Fostering climate security and disaster readiness through community radio in Tuvalu
November 2, 2022
On 21 October 1972, Hurricane Bebe hit the small island nation of Tuvalu, significantly affecting the capital Funafuti. A storm surge swept over the atoll island, causing the death of six people, destroying houses and leaving hundreds homeless.
On Hurricane Bebe’s 50th anniversary (21 October 2022), the Tuvalu Climate Change Department, with support from the United Nations Development Programme (UNDP) – International Organization for Migration (IOM) Climate Security in the Pacific project, distributed 300 hand crank radios to assist communities and households to stay informed and take early actions during times of climate emergencies.
Some of the radios were donated to the local leaders of the eight island communities in Funafuti, who would distribute them to vulnerable people in their communities, particularly persons with disabilities and elders. The remaining radios will be distributed to the households of Nui Island, where the project is also implementing a pilot initiative to address food security and prevent conflicts over resources caused by climate change.
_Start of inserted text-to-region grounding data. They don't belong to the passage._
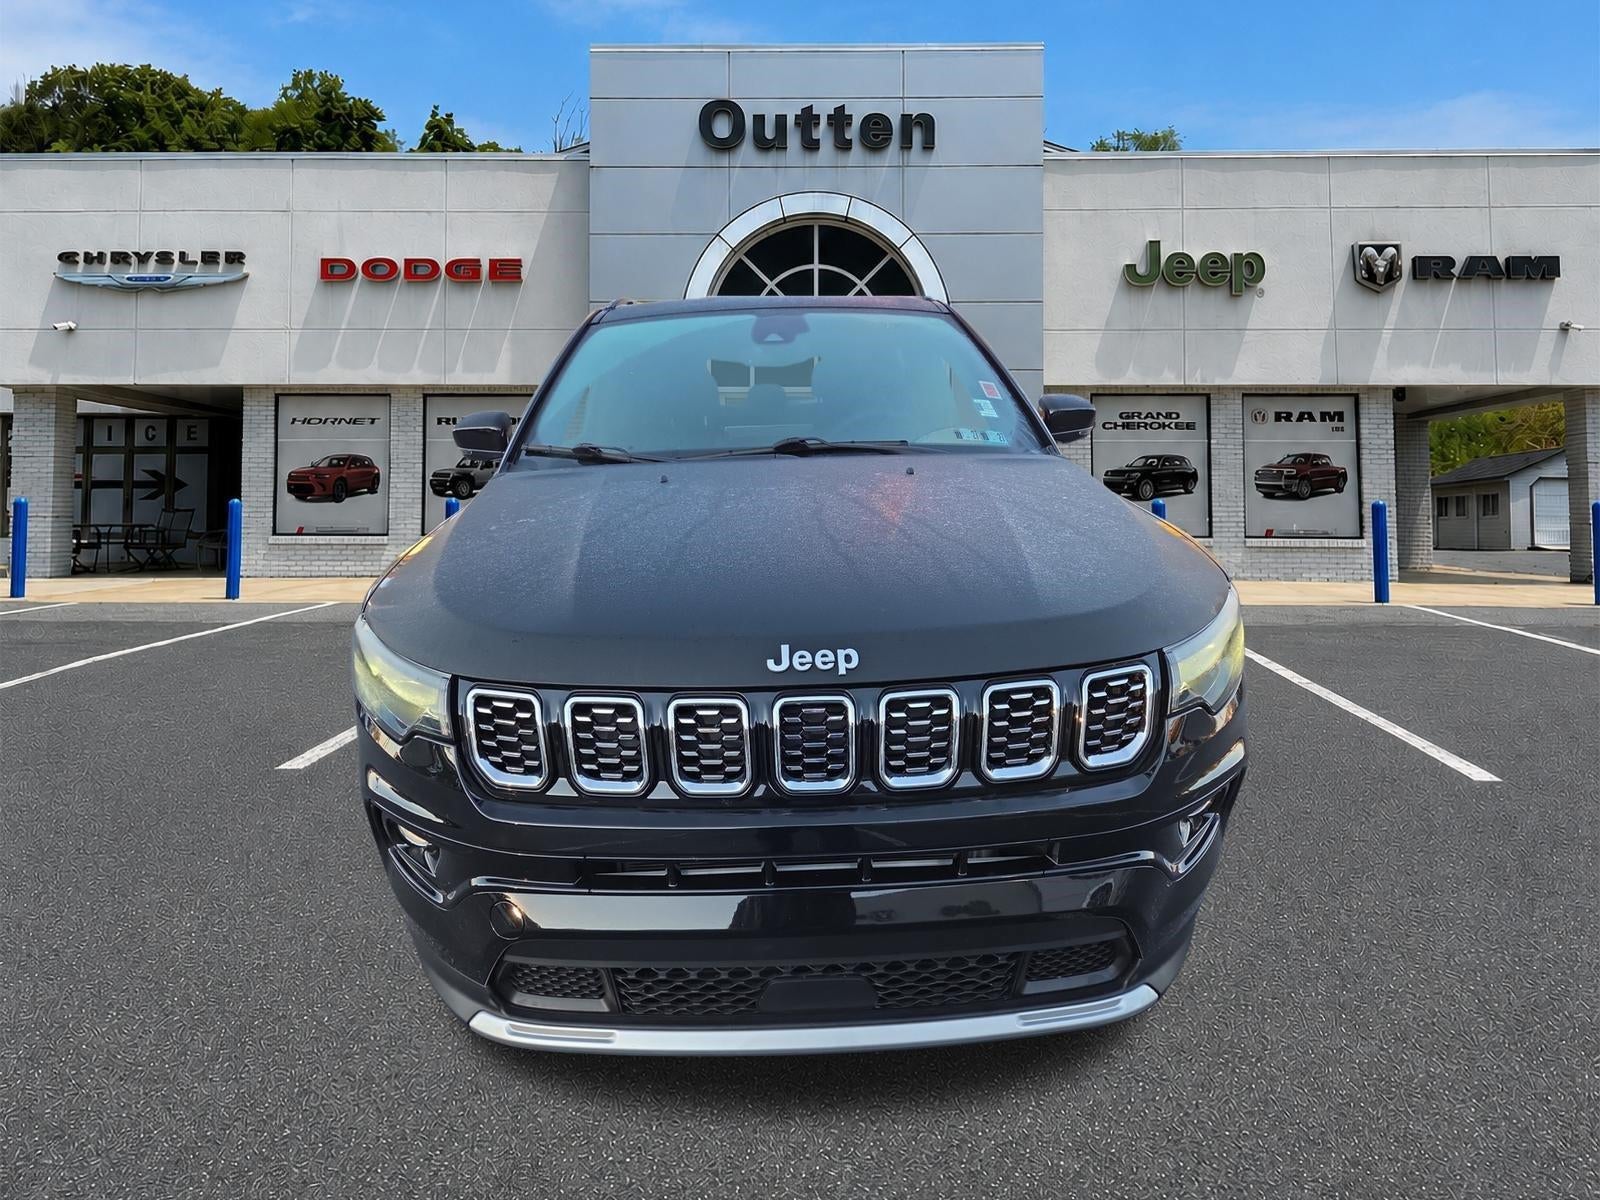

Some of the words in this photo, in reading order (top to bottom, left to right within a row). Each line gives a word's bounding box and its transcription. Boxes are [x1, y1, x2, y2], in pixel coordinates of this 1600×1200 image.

[698, 99, 936, 150] Outten
[57, 250, 247, 266] CHRYSLER
[1123, 240, 1266, 296] Jeep
[1411, 255, 1561, 280] RAM
[319, 258, 523, 283] DODGE
[290, 416, 381, 426] HORNET
[1118, 411, 1181, 420] GRAND
[1273, 410, 1345, 423] RAM
[1101, 421, 1197, 431] CHEROKEE
[766, 643, 860, 676] Jeep
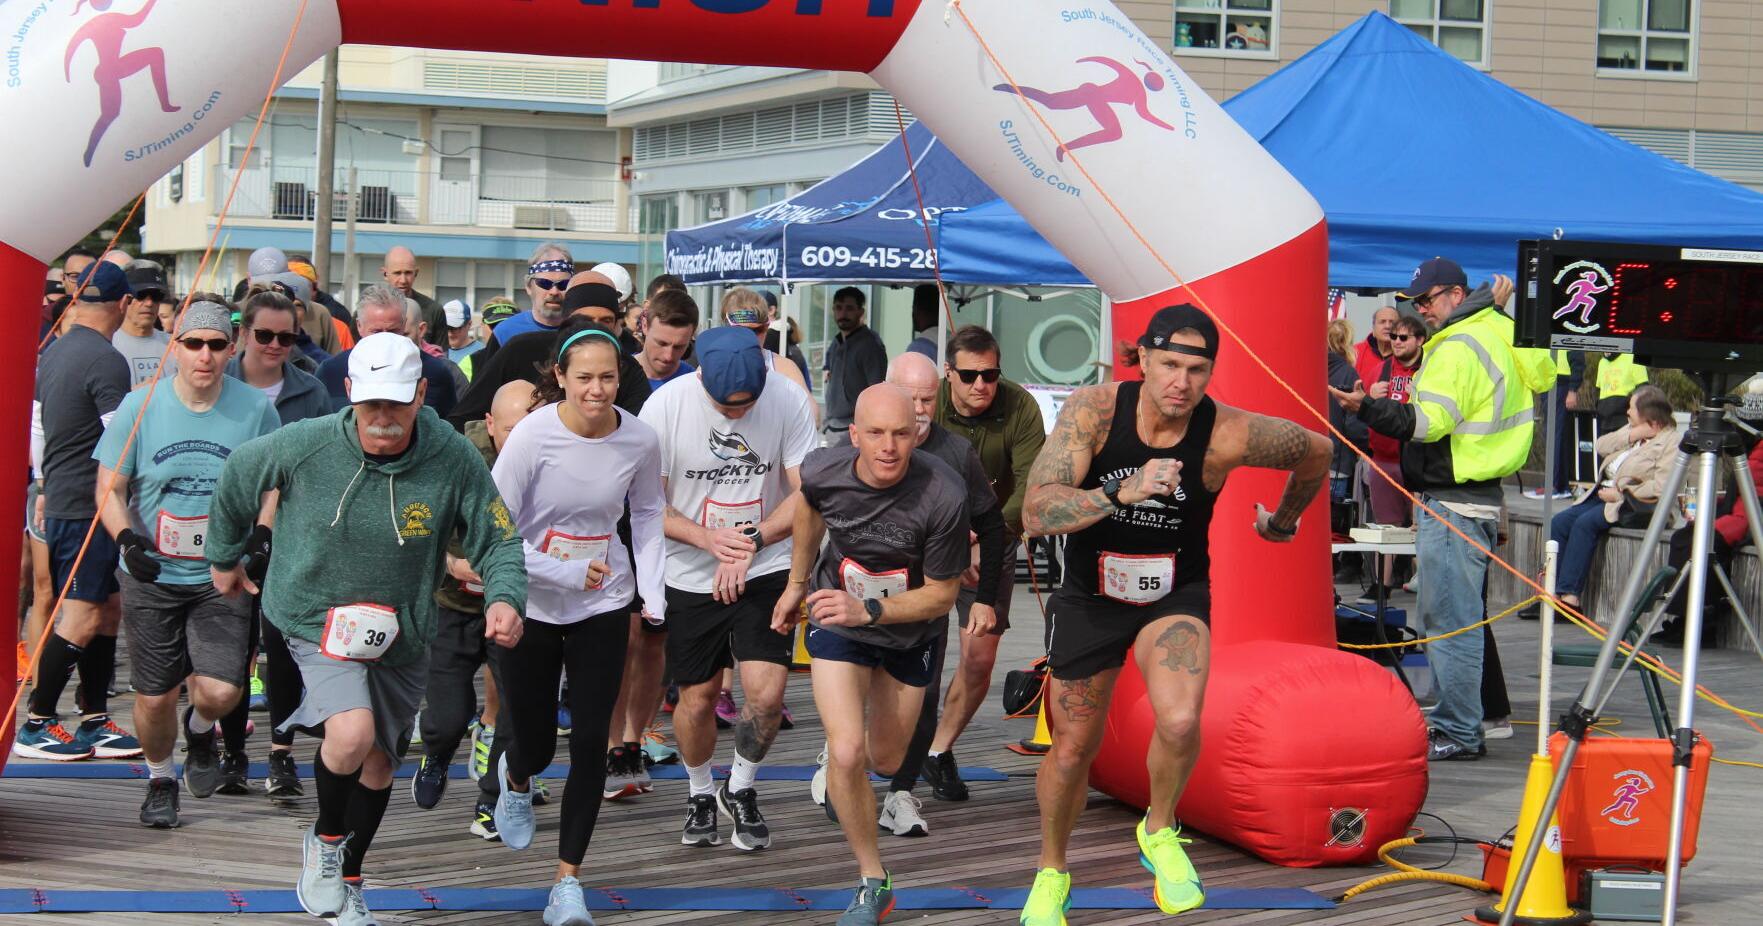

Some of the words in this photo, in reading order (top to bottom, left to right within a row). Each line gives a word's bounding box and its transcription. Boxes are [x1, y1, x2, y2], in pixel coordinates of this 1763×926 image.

[12, 2, 47, 42] Jersey
[7, 45, 21, 88] South
[1061, 8, 1098, 22] South
[1099, 11, 1134, 39] Jersey
[1165, 67, 1190, 110] Timing
[1184, 111, 1197, 140] LLC
[124, 89, 222, 162] SJTiming.Com
[999, 119, 1081, 197] SJTiming.Com
[711, 242, 744, 278] Physical
[743, 242, 779, 277] Therapy
[173, 442, 188, 450] THE
[189, 442, 221, 451] BOARDS
[1132, 510, 1167, 523] FLAT
[1138, 576, 1161, 591] 55
[364, 629, 387, 647] 39
For those at the forefront of the climate crisis like the people of Tuvalu, there has never been a greater need for accurate and verified information.
In Tuvalu, radio remains one of the most trusted media and the main tool that allows people, especially from outer and remote island communities, to keep informed on weather reports, and learn about local and international news and upcoming events. In times of climate emergencies, such as cyclones and other extreme-weather events, it plays a critical role in emergency communication and disaster preparedness and relief, delivering life-saving information to remote communities.
While digital access to information remains unequal, with huge differences between countries, regions and communities, radio is an affordable tool that can be listened to everywhere, even when electricity or connectivity is not reliable. Moreover, community radio is inclusive and can reach out to those under-represented in the mainstream and social media, who may feel better understood and fairly portrayed and consequently trust their local station.
In addition to disaster preparedness and emergencies, radio is also uniquely positioned to bring communities together and foster dialogue on climate change, including its implications on well-being and human security. Together with the distribution of the radios, the project has facilitated the development and airing of a community radio program to highlight the climate-related security risks faced by the people of Tuvalu, as well as the Government efforts to address those risks. Covering in-depth discussions and insights on a wide range of climate-related security risks, including climate-induced relocation, loss and damage, health, food and water insecurity and impact on maritime zone and boundaries, the radio program aims at increasing the understanding and awareness of climate-related security risks.
By providing accurate information and data and deepening the understanding of how, when, and why climate security and disaster-related risks arise, the radio program seeks to accelerate conversations on practical actions on climate security and risk management, thereby providing an inclusive approach to long-term sustainable peace and resilience.